Lorsque le cerveau de Harry avait besoin de penser à la gomme, il pensait à toutes les règles qui gouvernaient les gommes, comme "les gomme peuvent effacer les marques de crayon". Ce n'était que si le cerveau de Harry avait besoin de prédire ce qui se passerait à un niveau chimique plus bas qu'il commencerait à penser - comme si c'était un fait distinct du précédent - à des molécules de caoutchouc.

Mais tout cela était dans son esprit.

L'esprit de Harry avait peut-être des croyances séparées concernant les règles qui gouvernaient les gommes, mais il n'y avait pas de loi physique séparée qui gouvernait les gommes.

L'esprit de Harry représentait la réalité en utilisant plusieurs niveaux d'organisation, avec des croyances différentes pour chaque niveau. Mais tout cela était dans la carte, le véritable territoire ne ressemblait pas à ça, la réalité elle-même avait un seul niveau d'organisation : les quarks. C'était un processus de bas niveau unifié qui obéissait à des règles mathématiques simples.

Ou du moins c'était ce que Harry avait cru avant de découvrir l'existence de la magie, mais la gomme n'était pas magique.

Et même si la gomme avait été magique, l'idée qu'il puisse vraiment exister une gomme solide était impossible. Les choses comme les gommes ne pouvaient pas être des éléments de base de la réalité, elles étaient trop grosses et trop compliquées pour être des atomes, il fallait qu'elles soient composées de sous-parties.
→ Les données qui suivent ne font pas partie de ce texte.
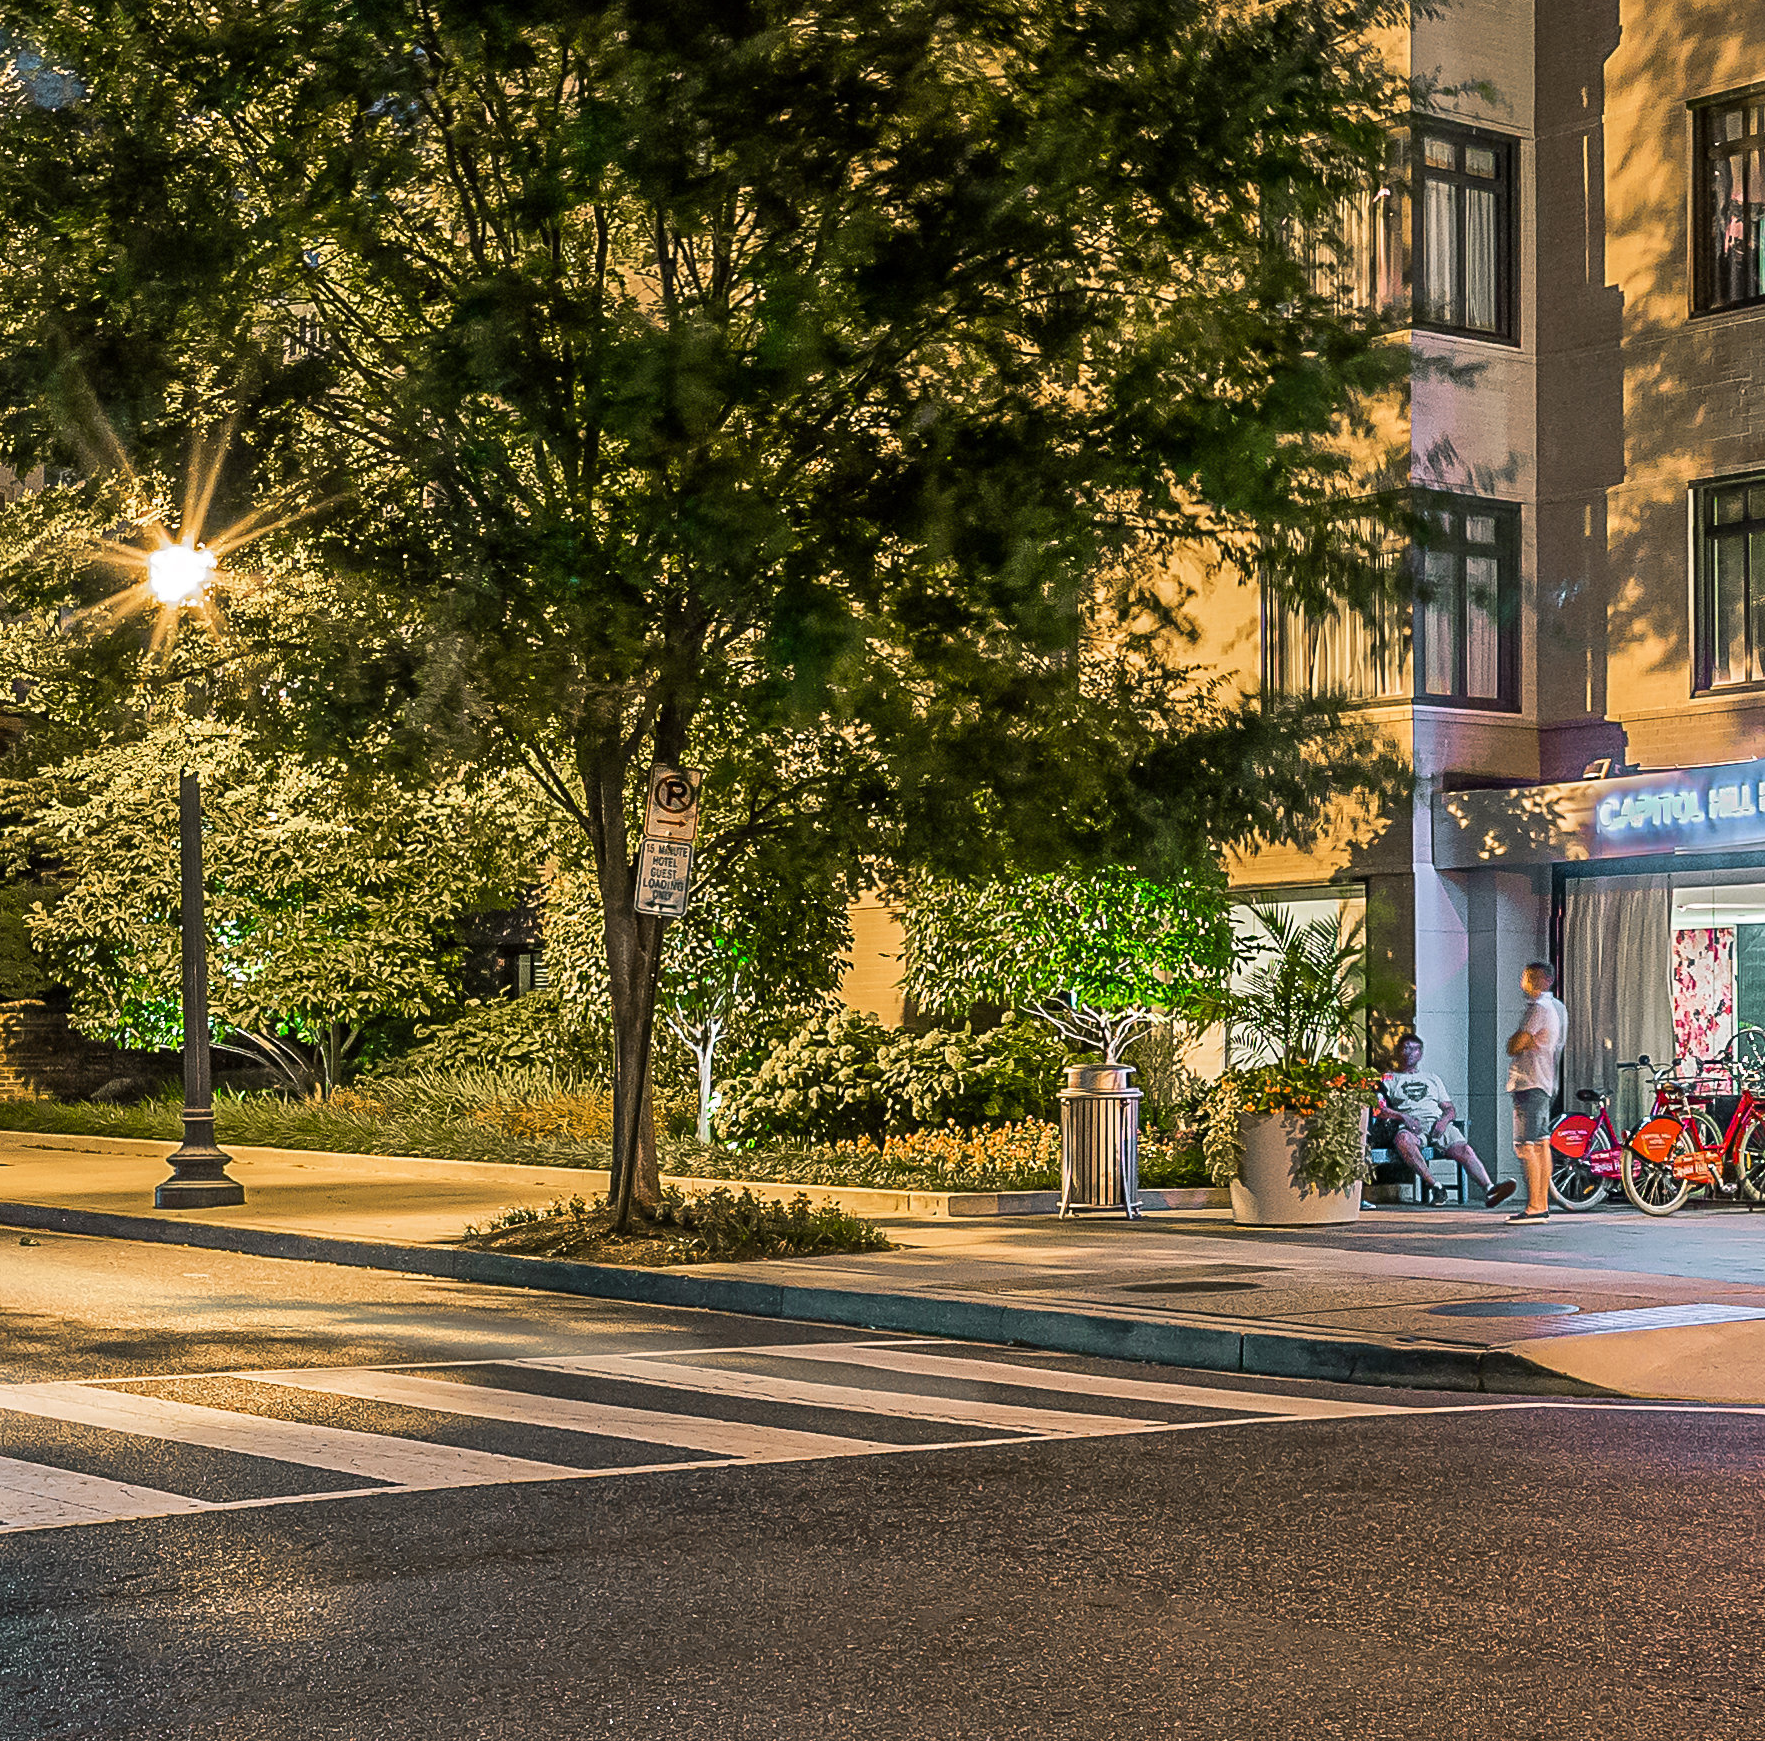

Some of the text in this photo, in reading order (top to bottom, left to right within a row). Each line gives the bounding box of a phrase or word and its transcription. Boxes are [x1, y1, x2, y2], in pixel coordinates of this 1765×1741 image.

Des choses fondamentalement complexes ne pouvaient pas exister. La croyance implicite qu'avait le cerveau de Harry, celle qui disait que la gomme était un objet unique, était tout simplement fausse, c'était une confusion carte-territoire, la gomme n'existait que sous la forme d'un concept distinct dans la représentation à plusieurs niveaux que Harry avait du monde, pas sous la forme d'un élément de la réalité à un seul niveau.

... la métamorphose ne fonctionnait toujours pas.

Harry respirait lourdement, une métamorphose échouée était presque aussi épuisante qu'une métamorphose réussie, mais qu'il soit maudit s'il abandonnait maintenant.

Très bien, toutes ces conneries du dix-neuvième siècle pouvaient aller se faire voir.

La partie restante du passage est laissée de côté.